Over the next two years, the GSS will be reexamining its involvement with the AMS for a 2018 referendum.
At their annual Annual General Meeting on Thursday, March 19, members of the Graduate Students Society passed a motion to hold a needs assessment on the AMS services that graduate students currently use. As members of the AMS, graduate students pay annual fees for services such as clubs and the Health and Dental Plan.
The assessment, which will take place from 2016 to 2018 and look at focus groups of graduate students on campus, will examine whether the fees that they provide to the AMS are representative of the services that they use. The society will then draft and vote on a referendum question on how to proceed as a society by 2018.
GSS President Collum Connolly said that while it's possible the GSS will hold a referendum on whether to separate from the AMS entirely in 2018, it is more likely that members will vote on whether to continue certain AMS services and cut back on others. In particular, the GSS hopes to examine how many graduate students currently use AMS clubs in proportion to undergraduate students and whether, as members of both the AMS and the Alliance of B.C. Students, they are doubly-represented on campus.
"The problem is that there’s a minority of grad students and, again, the needs assessment needs to be done, but it’s a minority of grad students that get the benefit of that," said Connolly. "So all clubs are open to grad students, but what’s the proportion that actually go and join an AMS club? That assessment needs to be done."
AMS President Tanner Bokor said that while it was difficult to compare how graduate students use AMS services when compared to undergraduate students, both were important members of the society.
"Graduate students are fairly involved within the AMS, but in different capacities, which I think is really where the concern of the GSS is coming from," said Bokor.
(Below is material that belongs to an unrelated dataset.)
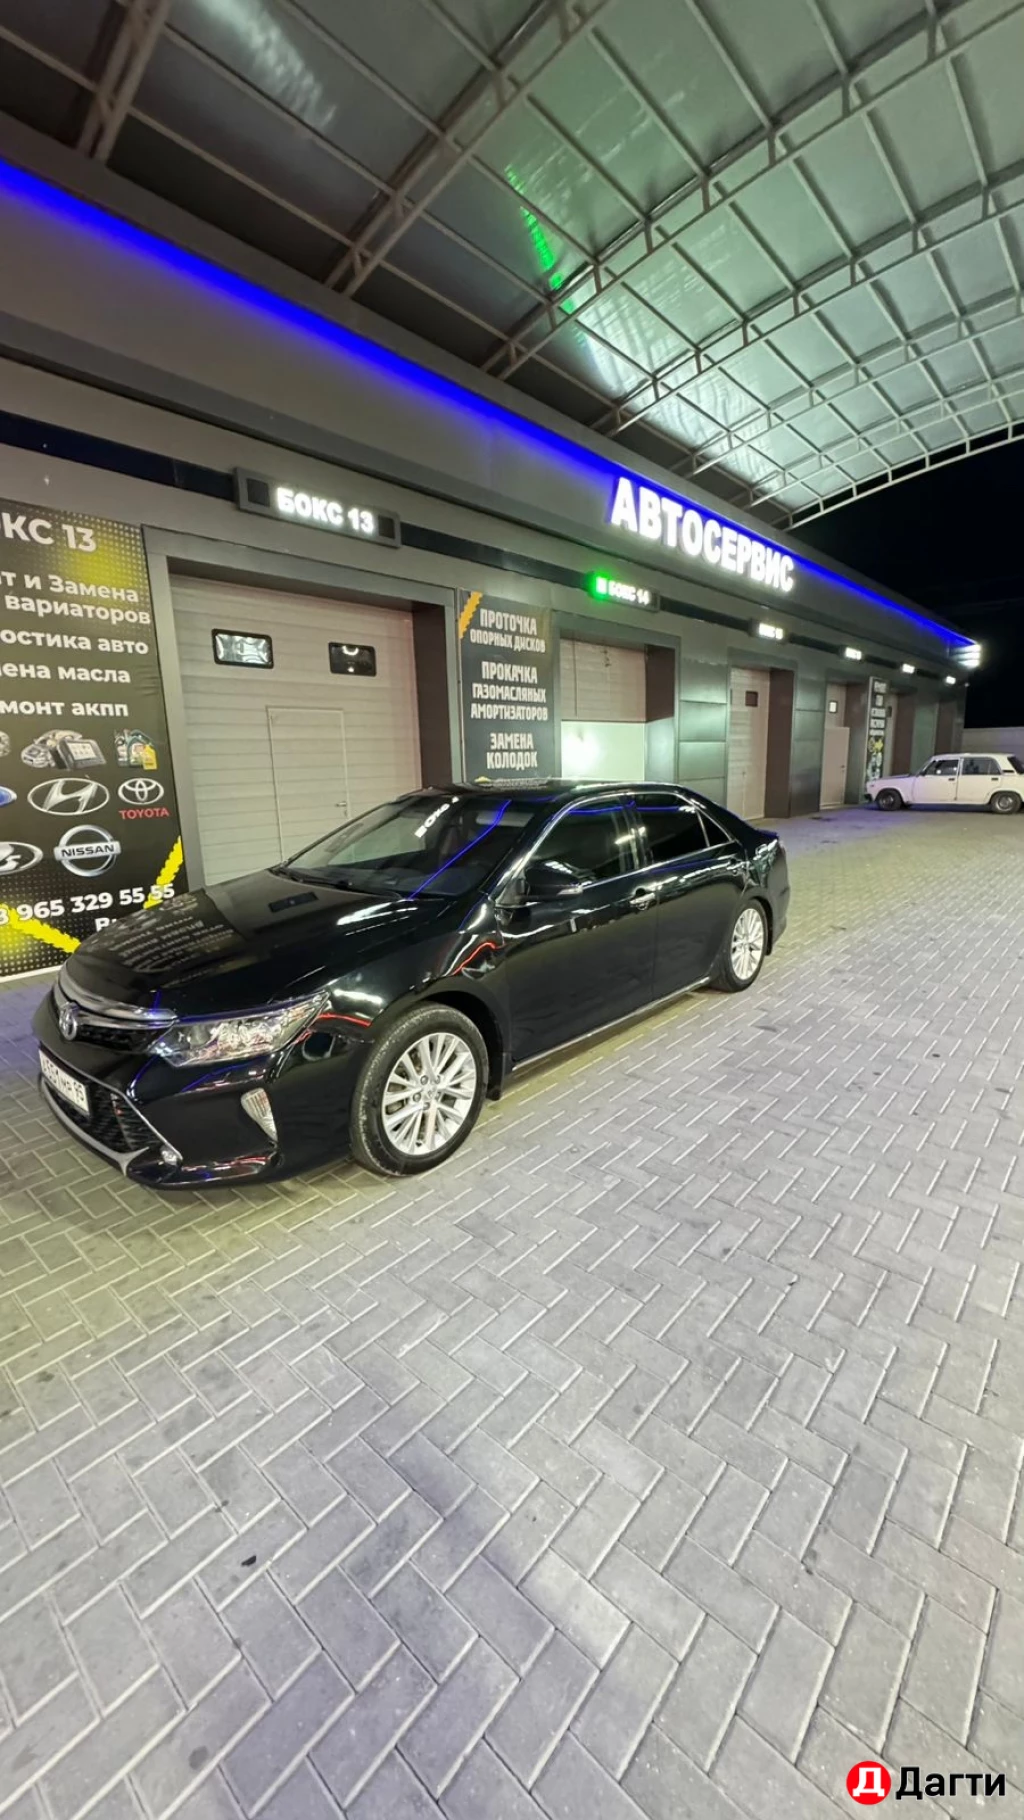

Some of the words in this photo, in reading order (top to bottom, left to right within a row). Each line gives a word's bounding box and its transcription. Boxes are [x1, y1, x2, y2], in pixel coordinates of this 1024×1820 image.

Bokor also said that it was too early to stipulate on how a potential separation of the GSS and the AMS would affect both organizations. He also said it was a good idea for the GSS to look into how its members are using AMS services.
"A lot of it's immeasurable," said Bokor. "Same as we can't measure how many undergraduate students are interacting with their club [...], no one has an accurate depiction of how many students from one group or another are actually working with their clubs."
Connolly also said that as graduate students make up 20 per cent of all AMS members, a complete separation of the AMS and the GSS would be a difficult transition for both societies and needs to be thought about carefully.
"I think it would be a staggered process," said Connolly. "The whole idea is to keep both organizations and both student populations well-supported throughout and make sure that both feel well-supported, but also that both organizations are sustainable long-term."